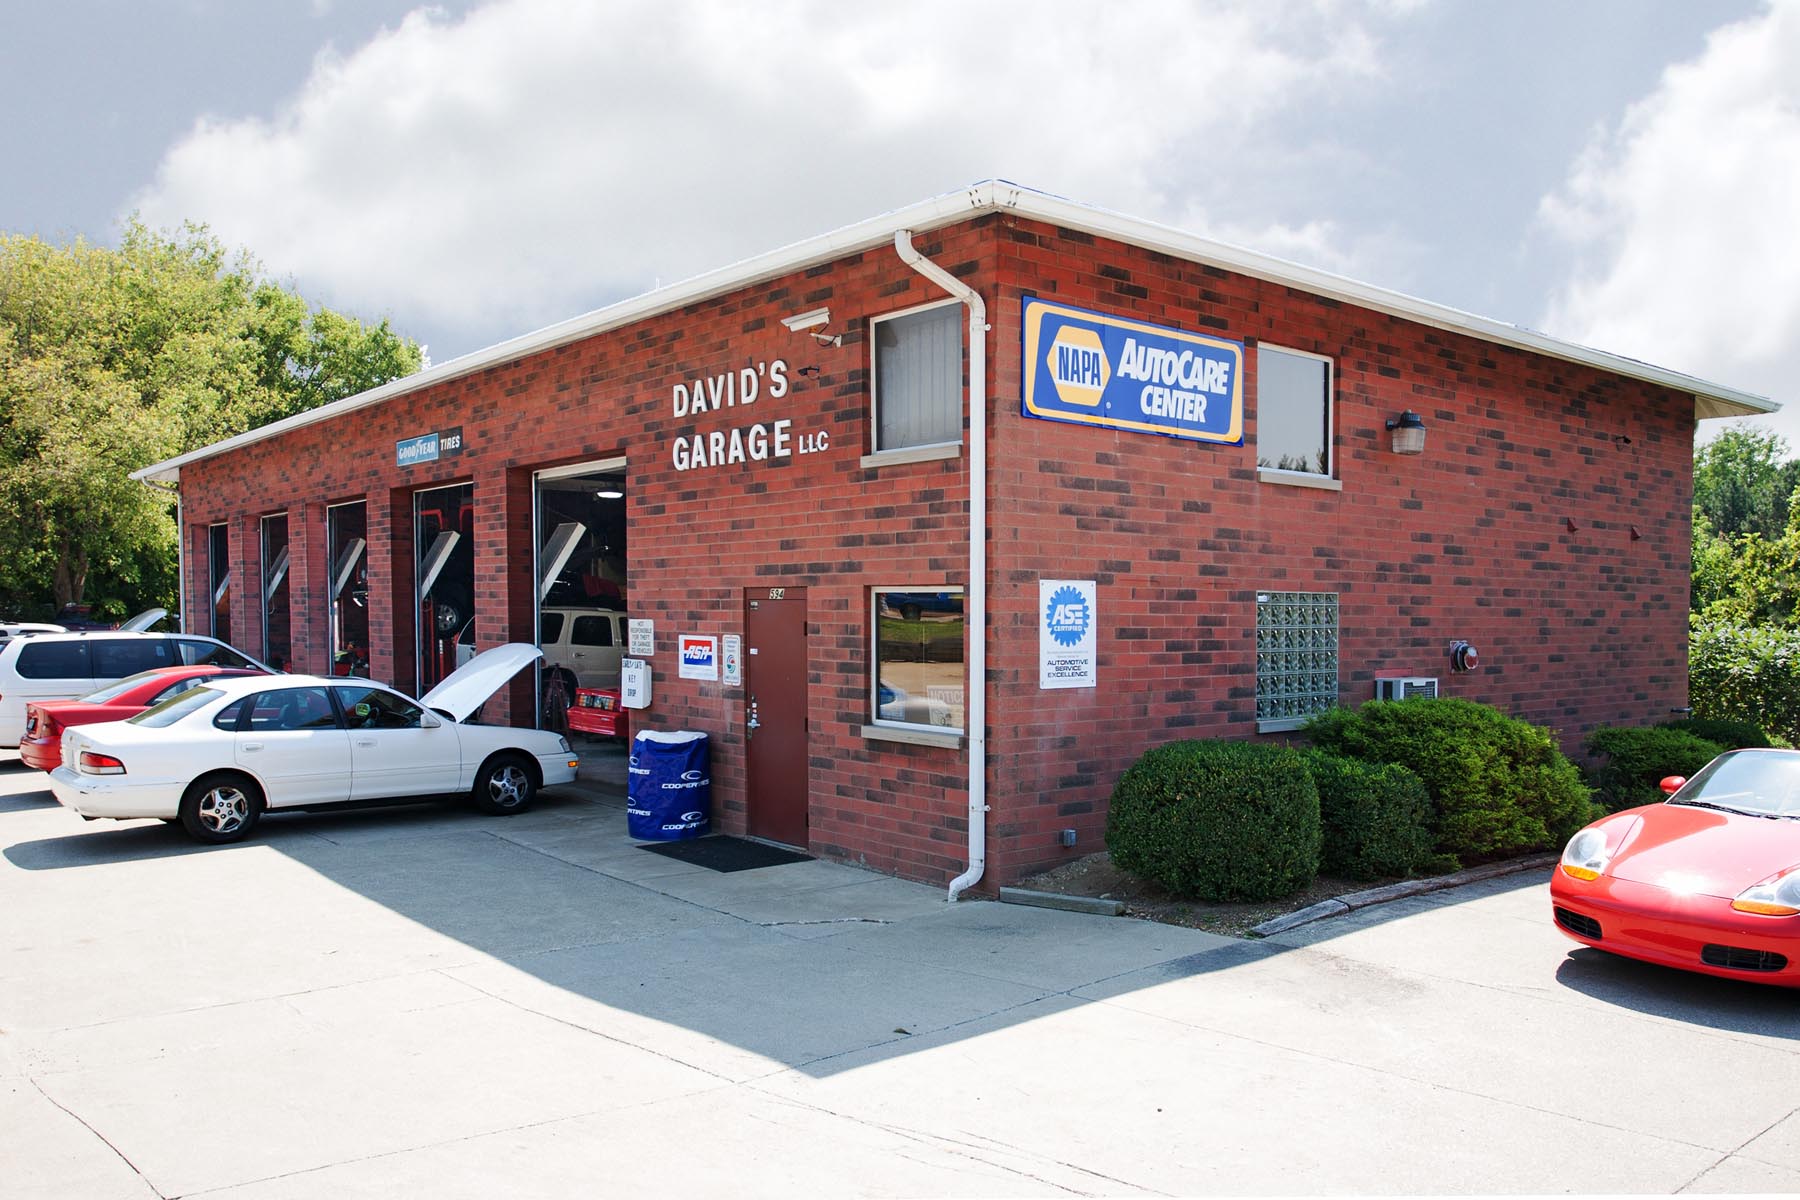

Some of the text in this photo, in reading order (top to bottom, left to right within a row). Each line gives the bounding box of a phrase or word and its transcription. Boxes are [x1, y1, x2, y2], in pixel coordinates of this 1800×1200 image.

[1058, 345, 1102, 387] NAPA
[673, 359, 788, 418] DAVID'S
[1140, 385, 1207, 423] CENTER
[399, 435, 460, 459] GOODYEAR TIRES
[672, 419, 829, 471] GARAGE LLC
[770, 589, 784, 599] 594
[1051, 604, 1084, 625] ASE
[686, 645, 711, 660] ASA
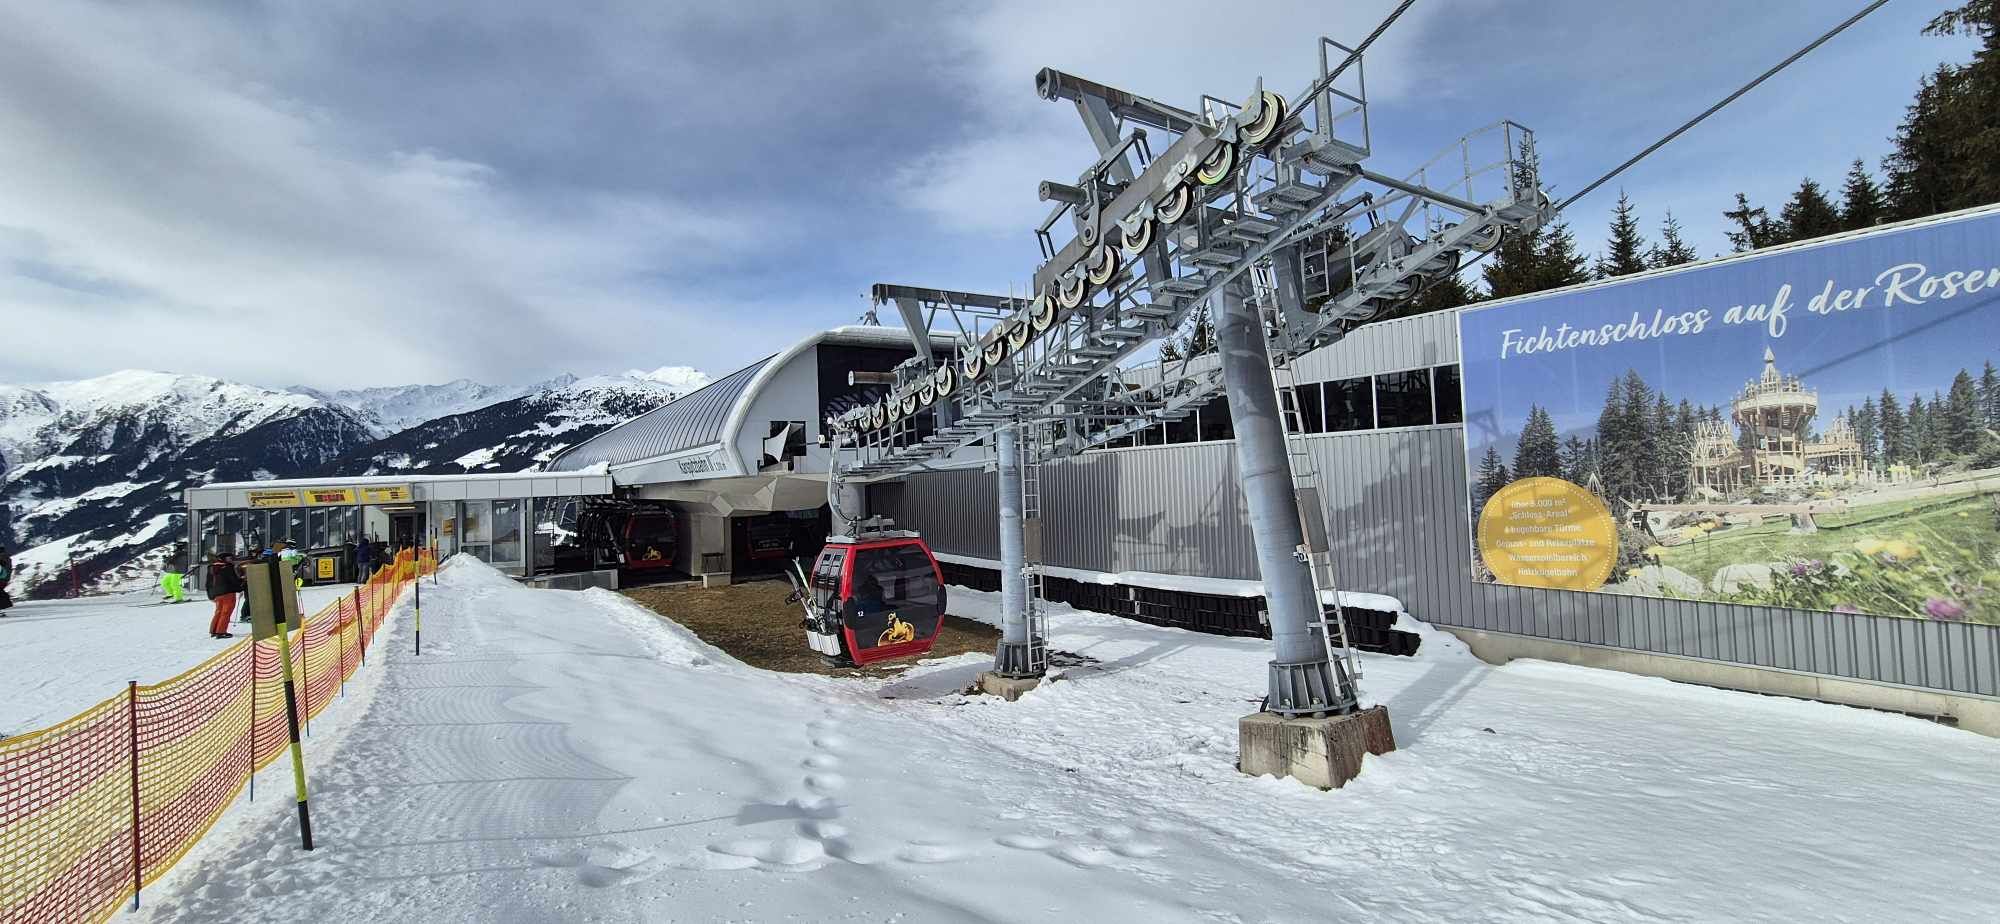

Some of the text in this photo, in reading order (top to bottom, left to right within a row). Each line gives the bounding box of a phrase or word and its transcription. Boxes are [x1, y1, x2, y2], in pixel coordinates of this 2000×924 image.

[1500, 307, 1712, 360] Fichtenschloss
[1723, 283, 1794, 338] auf
[1807, 279, 1874, 315] der
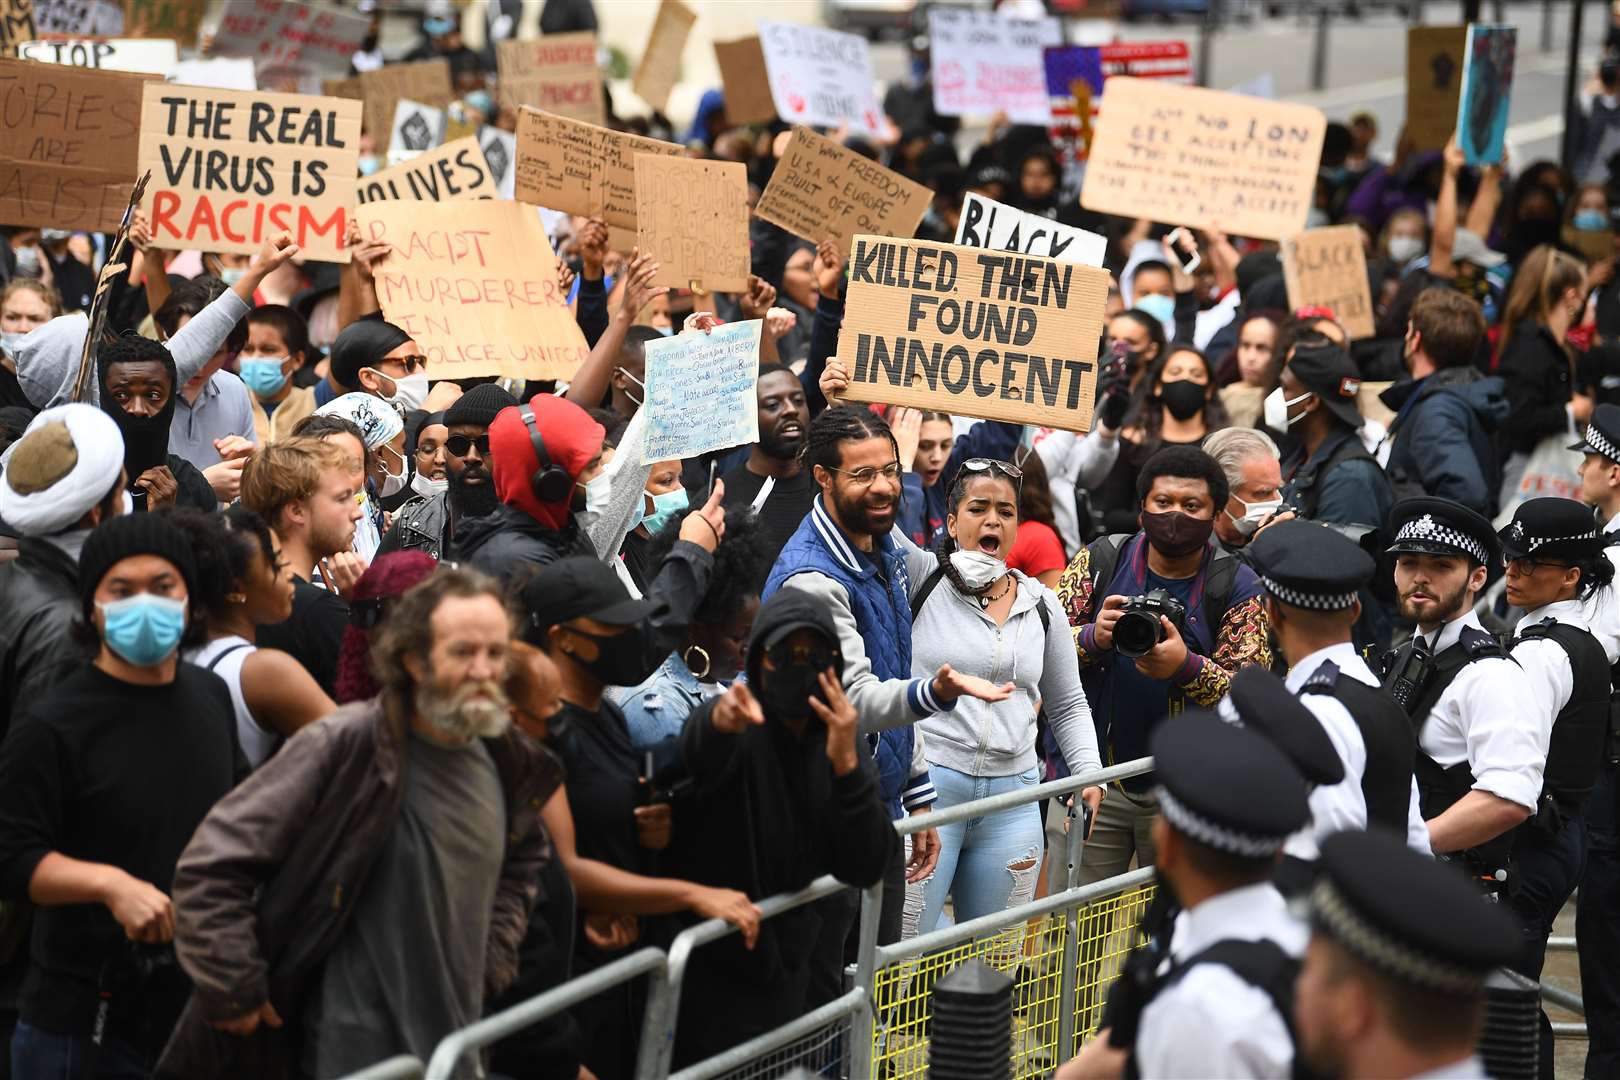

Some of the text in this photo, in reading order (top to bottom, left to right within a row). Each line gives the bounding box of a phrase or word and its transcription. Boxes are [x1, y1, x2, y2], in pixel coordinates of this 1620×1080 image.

[23, 43, 115, 68] STOP
[161, 97, 346, 149] THE REAL
[597, 131, 622, 147] THE
[628, 138, 662, 154] LEGACY
[29, 136, 84, 165] ARE
[160, 144, 275, 197] VIRUS
[291, 160, 328, 197] IS
[797, 129, 816, 149] WE
[818, 144, 845, 162] WANT
[847, 158, 912, 204] FREEDOM
[783, 170, 822, 197] BUILT
[827, 195, 854, 217] OFF
[843, 182, 895, 220] EUROPE
[151, 190, 347, 250] RACISM
[959, 198, 1075, 258] BLACK
[977, 254, 1073, 310] THEN
[395, 314, 452, 336] IN
[907, 293, 1038, 347] FOUND
[852, 333, 1093, 410] INNOCENT
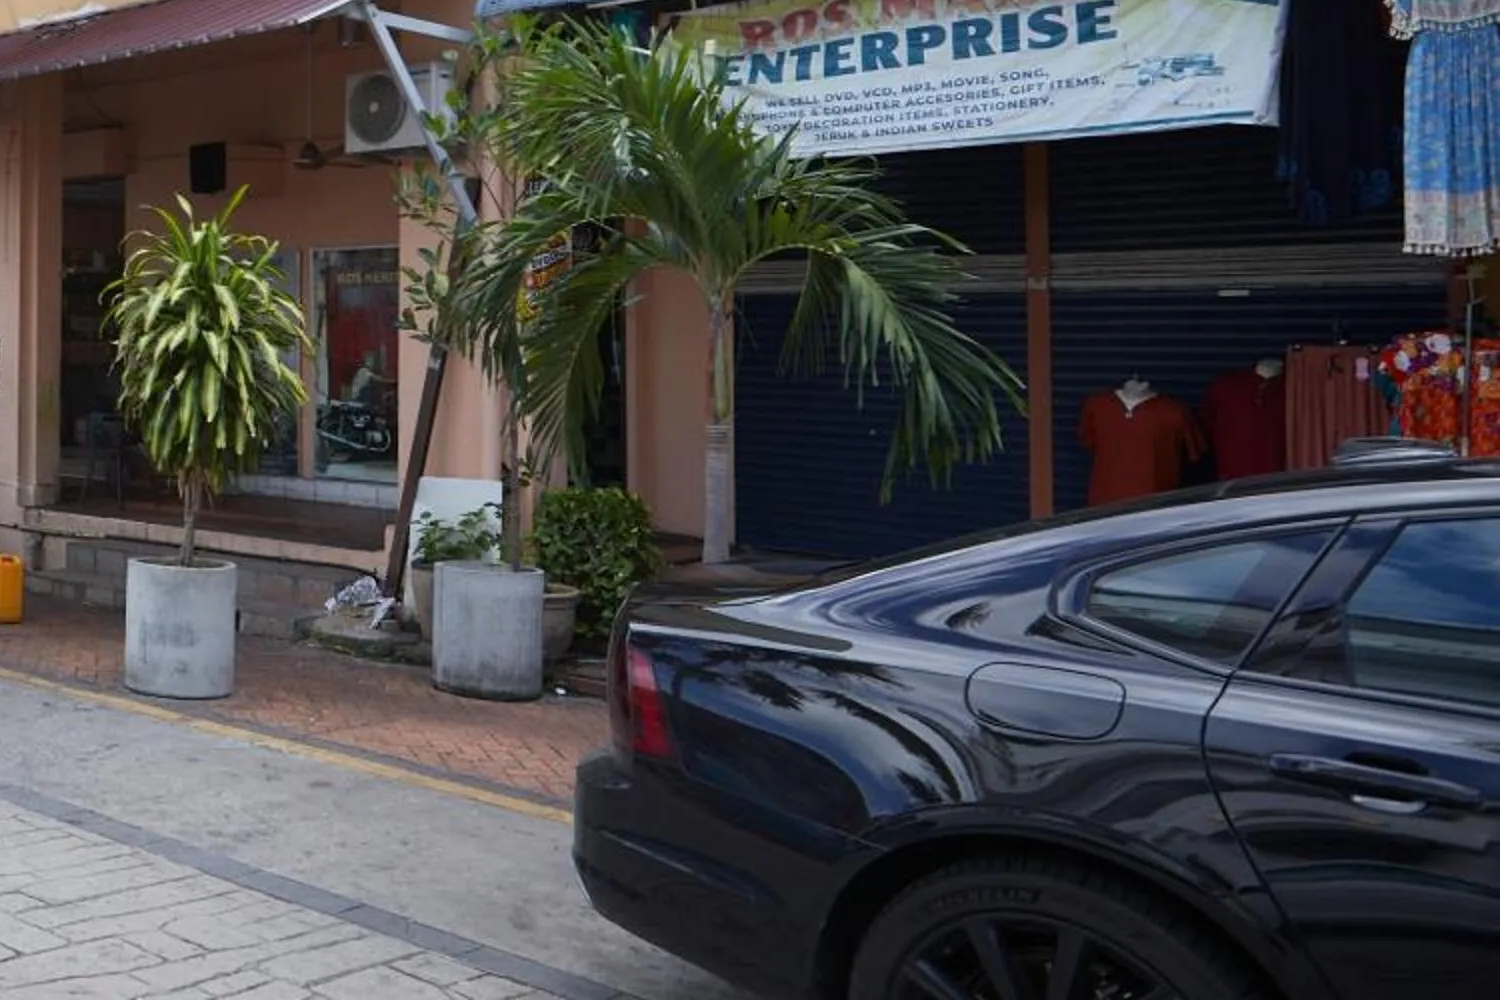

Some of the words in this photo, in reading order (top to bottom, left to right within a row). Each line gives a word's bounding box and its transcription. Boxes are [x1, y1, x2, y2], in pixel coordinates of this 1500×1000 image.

[823, 98, 902, 116] COMPUTER
[1009, 82, 1046, 96] GIFT
[1051, 74, 1107, 91] ITEMS,
[803, 113, 895, 132] DECORATION
[875, 123, 927, 137] INDIAN
[931, 116, 995, 132] SWEETS
--------------------
■ Task to carry out:
Please quote the records above exactly, beginning at the line that contains "this 2000×924 image." and ending at their last line. Leave the pictures out.

■ Solution to this exercise:
Some of the text in this photo, in reading order (top to bottom, left to right within a row). Each line gives the bounding box of a phrase or word and its transcription. Boxes are [x1, y1, x2, y2], in pixel coordinates of this 2000×924 image.

[1500, 307, 1712, 360] Fichtenschloss
[1723, 283, 1794, 338] auf
[1807, 279, 1874, 315] der

Some of the text in this photo, in reading order (top to bottom, left to right within a row). Each line gives the bounding box of a phrase or word and its transcription. Boxes are [x1, y1, x2, y2], in pixel coordinates of this 1620×1080 image.

[23, 43, 115, 68] STOP
[161, 97, 346, 149] THE REAL
[597, 131, 622, 147] THE
[628, 138, 662, 154] LEGACY
[29, 136, 84, 165] ARE
[160, 144, 275, 197] VIRUS
[291, 160, 328, 197] IS
[797, 129, 816, 149] WE
[818, 144, 845, 162] WANT
[847, 158, 912, 204] FREEDOM
[783, 170, 822, 197] BUILT
[827, 195, 854, 217] OFF
[843, 182, 895, 220] EUROPE
[151, 190, 347, 250] RACISM
[959, 198, 1075, 258] BLACK
[977, 254, 1073, 310] THEN
[395, 314, 452, 336] IN
[907, 293, 1038, 347] FOUND
[852, 333, 1093, 410] INNOCENT

Some of the words in this photo, in reading order (top to bottom, left to right within a row). Each line gives a word's bounding box and its transcription. Boxes are [x1, y1, x2, y2], in pixel coordinates of this 1500×1000 image.

[823, 98, 902, 116] COMPUTER
[1009, 82, 1046, 96] GIFT
[1051, 74, 1107, 91] ITEMS,
[803, 113, 895, 132] DECORATION
[875, 123, 927, 137] INDIAN
[931, 116, 995, 132] SWEETS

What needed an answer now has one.